■ Records supplied ■
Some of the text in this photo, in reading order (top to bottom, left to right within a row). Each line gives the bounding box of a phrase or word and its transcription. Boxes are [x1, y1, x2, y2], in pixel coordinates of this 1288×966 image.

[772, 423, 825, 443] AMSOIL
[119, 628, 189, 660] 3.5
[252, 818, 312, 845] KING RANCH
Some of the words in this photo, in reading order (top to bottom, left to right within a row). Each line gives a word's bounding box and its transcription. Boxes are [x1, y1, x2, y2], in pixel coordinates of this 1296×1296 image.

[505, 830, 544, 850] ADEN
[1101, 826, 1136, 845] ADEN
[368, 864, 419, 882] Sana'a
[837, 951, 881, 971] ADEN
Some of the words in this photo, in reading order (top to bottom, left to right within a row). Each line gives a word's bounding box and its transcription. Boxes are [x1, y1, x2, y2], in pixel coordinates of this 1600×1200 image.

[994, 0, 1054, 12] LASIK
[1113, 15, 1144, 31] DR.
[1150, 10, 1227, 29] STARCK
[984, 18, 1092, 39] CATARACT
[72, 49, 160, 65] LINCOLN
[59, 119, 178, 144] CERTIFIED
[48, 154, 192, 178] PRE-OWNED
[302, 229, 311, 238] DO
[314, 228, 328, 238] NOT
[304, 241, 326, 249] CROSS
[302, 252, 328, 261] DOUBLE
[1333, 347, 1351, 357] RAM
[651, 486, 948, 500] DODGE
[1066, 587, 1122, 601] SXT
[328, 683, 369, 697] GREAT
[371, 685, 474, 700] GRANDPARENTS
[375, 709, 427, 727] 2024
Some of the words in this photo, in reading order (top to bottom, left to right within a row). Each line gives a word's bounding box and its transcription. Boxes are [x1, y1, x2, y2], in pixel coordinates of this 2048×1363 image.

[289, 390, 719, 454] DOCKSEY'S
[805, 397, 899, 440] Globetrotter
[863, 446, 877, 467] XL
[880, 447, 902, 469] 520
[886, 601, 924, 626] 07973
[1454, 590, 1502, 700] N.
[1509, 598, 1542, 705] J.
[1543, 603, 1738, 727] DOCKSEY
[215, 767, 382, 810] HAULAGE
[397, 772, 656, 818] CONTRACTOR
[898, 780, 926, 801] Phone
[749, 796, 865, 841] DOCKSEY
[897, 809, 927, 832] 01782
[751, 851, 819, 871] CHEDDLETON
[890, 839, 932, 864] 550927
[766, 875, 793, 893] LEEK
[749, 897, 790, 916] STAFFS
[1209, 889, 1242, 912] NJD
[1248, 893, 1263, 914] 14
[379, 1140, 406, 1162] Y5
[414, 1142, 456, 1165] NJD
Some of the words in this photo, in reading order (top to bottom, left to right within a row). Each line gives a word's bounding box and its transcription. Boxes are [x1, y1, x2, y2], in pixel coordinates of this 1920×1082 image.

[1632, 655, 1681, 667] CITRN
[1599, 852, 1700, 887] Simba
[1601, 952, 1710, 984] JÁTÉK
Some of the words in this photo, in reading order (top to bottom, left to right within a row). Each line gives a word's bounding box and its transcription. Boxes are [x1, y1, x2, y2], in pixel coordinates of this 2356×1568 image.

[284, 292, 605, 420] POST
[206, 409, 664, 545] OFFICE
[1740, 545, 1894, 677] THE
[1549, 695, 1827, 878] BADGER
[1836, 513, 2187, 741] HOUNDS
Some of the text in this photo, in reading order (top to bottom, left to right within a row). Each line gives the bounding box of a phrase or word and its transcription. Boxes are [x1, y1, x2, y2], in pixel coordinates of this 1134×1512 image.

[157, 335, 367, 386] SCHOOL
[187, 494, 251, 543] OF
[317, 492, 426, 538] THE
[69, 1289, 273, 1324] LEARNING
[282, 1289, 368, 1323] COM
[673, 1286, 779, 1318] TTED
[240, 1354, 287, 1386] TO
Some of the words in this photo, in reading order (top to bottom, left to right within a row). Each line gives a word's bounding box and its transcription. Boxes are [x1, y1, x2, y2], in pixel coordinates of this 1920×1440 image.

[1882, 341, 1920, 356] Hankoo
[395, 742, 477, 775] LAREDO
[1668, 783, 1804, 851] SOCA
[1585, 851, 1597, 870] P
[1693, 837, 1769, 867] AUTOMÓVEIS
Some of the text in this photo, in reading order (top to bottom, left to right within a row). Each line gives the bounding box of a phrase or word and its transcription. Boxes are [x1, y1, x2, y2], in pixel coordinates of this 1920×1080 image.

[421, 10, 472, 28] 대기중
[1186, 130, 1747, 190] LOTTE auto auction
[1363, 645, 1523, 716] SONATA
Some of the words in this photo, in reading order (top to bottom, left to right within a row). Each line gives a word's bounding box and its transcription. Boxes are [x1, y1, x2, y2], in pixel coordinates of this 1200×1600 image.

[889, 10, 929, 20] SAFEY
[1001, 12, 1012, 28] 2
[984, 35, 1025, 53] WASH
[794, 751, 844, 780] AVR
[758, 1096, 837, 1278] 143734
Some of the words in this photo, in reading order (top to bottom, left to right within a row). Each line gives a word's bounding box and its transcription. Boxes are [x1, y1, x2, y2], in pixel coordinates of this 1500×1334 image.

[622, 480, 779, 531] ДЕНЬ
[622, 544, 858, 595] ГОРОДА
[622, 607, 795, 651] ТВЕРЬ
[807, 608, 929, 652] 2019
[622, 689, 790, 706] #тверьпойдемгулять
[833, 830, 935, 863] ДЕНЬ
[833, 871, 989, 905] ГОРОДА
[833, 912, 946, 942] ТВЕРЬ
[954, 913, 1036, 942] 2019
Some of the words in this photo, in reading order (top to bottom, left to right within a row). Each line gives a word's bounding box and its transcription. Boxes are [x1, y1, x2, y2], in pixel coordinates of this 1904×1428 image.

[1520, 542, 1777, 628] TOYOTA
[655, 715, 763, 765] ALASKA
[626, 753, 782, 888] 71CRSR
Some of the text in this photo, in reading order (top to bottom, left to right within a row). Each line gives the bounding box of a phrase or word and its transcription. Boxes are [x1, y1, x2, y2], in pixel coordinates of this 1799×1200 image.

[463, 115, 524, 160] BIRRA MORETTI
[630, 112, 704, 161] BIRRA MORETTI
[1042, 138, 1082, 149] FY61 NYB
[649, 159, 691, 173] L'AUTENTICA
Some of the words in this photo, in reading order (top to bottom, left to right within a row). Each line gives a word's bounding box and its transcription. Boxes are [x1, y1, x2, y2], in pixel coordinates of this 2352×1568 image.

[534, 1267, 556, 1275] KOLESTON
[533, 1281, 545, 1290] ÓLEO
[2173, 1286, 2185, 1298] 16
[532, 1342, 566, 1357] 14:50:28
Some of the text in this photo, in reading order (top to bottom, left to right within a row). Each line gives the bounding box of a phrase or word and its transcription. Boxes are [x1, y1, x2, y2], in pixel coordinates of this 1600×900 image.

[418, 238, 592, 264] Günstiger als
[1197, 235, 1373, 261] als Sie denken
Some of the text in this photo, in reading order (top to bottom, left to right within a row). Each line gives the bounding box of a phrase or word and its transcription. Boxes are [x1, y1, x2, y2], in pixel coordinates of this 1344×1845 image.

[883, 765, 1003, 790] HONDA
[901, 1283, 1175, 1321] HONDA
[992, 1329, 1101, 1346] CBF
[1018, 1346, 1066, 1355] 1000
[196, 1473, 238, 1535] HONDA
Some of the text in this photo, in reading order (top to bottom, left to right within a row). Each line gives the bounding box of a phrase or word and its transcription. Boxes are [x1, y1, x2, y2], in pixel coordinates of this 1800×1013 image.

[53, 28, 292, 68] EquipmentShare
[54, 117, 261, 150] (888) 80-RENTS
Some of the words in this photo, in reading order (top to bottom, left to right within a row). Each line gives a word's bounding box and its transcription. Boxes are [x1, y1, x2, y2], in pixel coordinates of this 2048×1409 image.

■ Problem requirements ■
All of the records must be repeated exactly.

■ Solution to this task ■
Some of the text in this photo, in reading order (top to bottom, left to right within a row). Each line gives the bounding box of a phrase or word and its transcription. Boxes are [x1, y1, x2, y2], in pixel coordinates of this 1288×966 image.

[772, 423, 825, 443] AMSOIL
[119, 628, 189, 660] 3.5
[252, 818, 312, 845] KING RANCH
Some of the words in this photo, in reading order (top to bottom, left to right within a row). Each line gives a word's bounding box and its transcription. Boxes are [x1, y1, x2, y2], in pixel coordinates of this 1296×1296 image.

[505, 830, 544, 850] ADEN
[1101, 826, 1136, 845] ADEN
[368, 864, 419, 882] Sana'a
[837, 951, 881, 971] ADEN
Some of the words in this photo, in reading order (top to bottom, left to right within a row). Each line gives a word's bounding box and its transcription. Boxes are [x1, y1, x2, y2], in pixel coordinates of this 1600×1200 image.

[994, 0, 1054, 12] LASIK
[1113, 15, 1144, 31] DR.
[1150, 10, 1227, 29] STARCK
[984, 18, 1092, 39] CATARACT
[72, 49, 160, 65] LINCOLN
[59, 119, 178, 144] CERTIFIED
[48, 154, 192, 178] PRE-OWNED
[302, 229, 311, 238] DO
[314, 228, 328, 238] NOT
[304, 241, 326, 249] CROSS
[302, 252, 328, 261] DOUBLE
[1333, 347, 1351, 357] RAM
[651, 486, 948, 500] DODGE
[1066, 587, 1122, 601] SXT
[328, 683, 369, 697] GREAT
[371, 685, 474, 700] GRANDPARENTS
[375, 709, 427, 727] 2024
Some of the words in this photo, in reading order (top to bottom, left to right within a row). Each line gives a word's bounding box and its transcription. Boxes are [x1, y1, x2, y2], in pixel coordinates of this 2048×1363 image.

[289, 390, 719, 454] DOCKSEY'S
[805, 397, 899, 440] Globetrotter
[863, 446, 877, 467] XL
[880, 447, 902, 469] 520
[886, 601, 924, 626] 07973
[1454, 590, 1502, 700] N.
[1509, 598, 1542, 705] J.
[1543, 603, 1738, 727] DOCKSEY
[215, 767, 382, 810] HAULAGE
[397, 772, 656, 818] CONTRACTOR
[898, 780, 926, 801] Phone
[749, 796, 865, 841] DOCKSEY
[897, 809, 927, 832] 01782
[751, 851, 819, 871] CHEDDLETON
[890, 839, 932, 864] 550927
[766, 875, 793, 893] LEEK
[749, 897, 790, 916] STAFFS
[1209, 889, 1242, 912] NJD
[1248, 893, 1263, 914] 14
[379, 1140, 406, 1162] Y5
[414, 1142, 456, 1165] NJD
Some of the words in this photo, in reading order (top to bottom, left to right within a row). Each line gives a word's bounding box and its transcription. Boxes are [x1, y1, x2, y2], in pixel coordinates of this 1920×1082 image.

[1632, 655, 1681, 667] CITRN
[1599, 852, 1700, 887] Simba
[1601, 952, 1710, 984] JÁTÉK
Some of the words in this photo, in reading order (top to bottom, left to right within a row). Each line gives a word's bounding box and its transcription. Boxes are [x1, y1, x2, y2], in pixel coordinates of this 2356×1568 image.

[284, 292, 605, 420] POST
[206, 409, 664, 545] OFFICE
[1740, 545, 1894, 677] THE
[1549, 695, 1827, 878] BADGER
[1836, 513, 2187, 741] HOUNDS
Some of the text in this photo, in reading order (top to bottom, left to right within a row). Each line gives the bounding box of a phrase or word and its transcription. Boxes are [x1, y1, x2, y2], in pixel coordinates of this 1134×1512 image.

[157, 335, 367, 386] SCHOOL
[187, 494, 251, 543] OF
[317, 492, 426, 538] THE
[69, 1289, 273, 1324] LEARNING
[282, 1289, 368, 1323] COM
[673, 1286, 779, 1318] TTED
[240, 1354, 287, 1386] TO
Some of the words in this photo, in reading order (top to bottom, left to right within a row). Each line gives a word's bounding box and its transcription. Boxes are [x1, y1, x2, y2], in pixel coordinates of this 1920×1440 image.

[1882, 341, 1920, 356] Hankoo
[395, 742, 477, 775] LAREDO
[1668, 783, 1804, 851] SOCA
[1585, 851, 1597, 870] P
[1693, 837, 1769, 867] AUTOMÓVEIS
Some of the text in this photo, in reading order (top to bottom, left to right within a row). Each line gives the bounding box of a phrase or word and its transcription. Boxes are [x1, y1, x2, y2], in pixel coordinates of this 1920×1080 image.

[421, 10, 472, 28] 대기중
[1186, 130, 1747, 190] LOTTE auto auction
[1363, 645, 1523, 716] SONATA
Some of the words in this photo, in reading order (top to bottom, left to right within a row). Each line gives a word's bounding box and its transcription. Boxes are [x1, y1, x2, y2], in pixel coordinates of this 1200×1600 image.

[889, 10, 929, 20] SAFEY
[1001, 12, 1012, 28] 2
[984, 35, 1025, 53] WASH
[794, 751, 844, 780] AVR
[758, 1096, 837, 1278] 143734
Some of the words in this photo, in reading order (top to bottom, left to right within a row). Each line gives a word's bounding box and its transcription. Boxes are [x1, y1, x2, y2], in pixel coordinates of this 1500×1334 image.

[622, 480, 779, 531] ДЕНЬ
[622, 544, 858, 595] ГОРОДА
[622, 607, 795, 651] ТВЕРЬ
[807, 608, 929, 652] 2019
[622, 689, 790, 706] #тверьпойдемгулять
[833, 830, 935, 863] ДЕНЬ
[833, 871, 989, 905] ГОРОДА
[833, 912, 946, 942] ТВЕРЬ
[954, 913, 1036, 942] 2019
Some of the words in this photo, in reading order (top to bottom, left to right within a row). Each line gives a word's bounding box and its transcription. Boxes are [x1, y1, x2, y2], in pixel coordinates of this 1904×1428 image.

[1520, 542, 1777, 628] TOYOTA
[655, 715, 763, 765] ALASKA
[626, 753, 782, 888] 71CRSR
Some of the text in this photo, in reading order (top to bottom, left to right within a row). Each line gives the bounding box of a phrase or word and its transcription. Boxes are [x1, y1, x2, y2], in pixel coordinates of this 1799×1200 image.

[463, 115, 524, 160] BIRRA MORETTI
[630, 112, 704, 161] BIRRA MORETTI
[1042, 138, 1082, 149] FY61 NYB
[649, 159, 691, 173] L'AUTENTICA
Some of the words in this photo, in reading order (top to bottom, left to right within a row). Each line gives a word's bounding box and its transcription. Boxes are [x1, y1, x2, y2], in pixel coordinates of this 2352×1568 image.

[534, 1267, 556, 1275] KOLESTON
[533, 1281, 545, 1290] ÓLEO
[2173, 1286, 2185, 1298] 16
[532, 1342, 566, 1357] 14:50:28
Some of the text in this photo, in reading order (top to bottom, left to right within a row). Each line gives the bounding box of a phrase or word and its transcription. Boxes are [x1, y1, x2, y2], in pixel coordinates of this 1600×900 image.

[418, 238, 592, 264] Günstiger als
[1197, 235, 1373, 261] als Sie denken
Some of the text in this photo, in reading order (top to bottom, left to right within a row). Each line gives the bounding box of a phrase or word and its transcription. Boxes are [x1, y1, x2, y2], in pixel coordinates of this 1344×1845 image.

[883, 765, 1003, 790] HONDA
[901, 1283, 1175, 1321] HONDA
[992, 1329, 1101, 1346] CBF
[1018, 1346, 1066, 1355] 1000
[196, 1473, 238, 1535] HONDA
Some of the text in this photo, in reading order (top to bottom, left to right within a row). Each line gives the bounding box of a phrase or word and its transcription. Boxes are [x1, y1, x2, y2], in pixel coordinates of this 1800×1013 image.

[53, 28, 292, 68] EquipmentShare
[54, 117, 261, 150] (888) 80-RENTS
Some of the words in this photo, in reading order (top to bottom, left to right within a row). Each line gives a word's bounding box and its transcription. Boxes are [x1, y1, x2, y2], in pixel coordinates of this 2048×1409 image.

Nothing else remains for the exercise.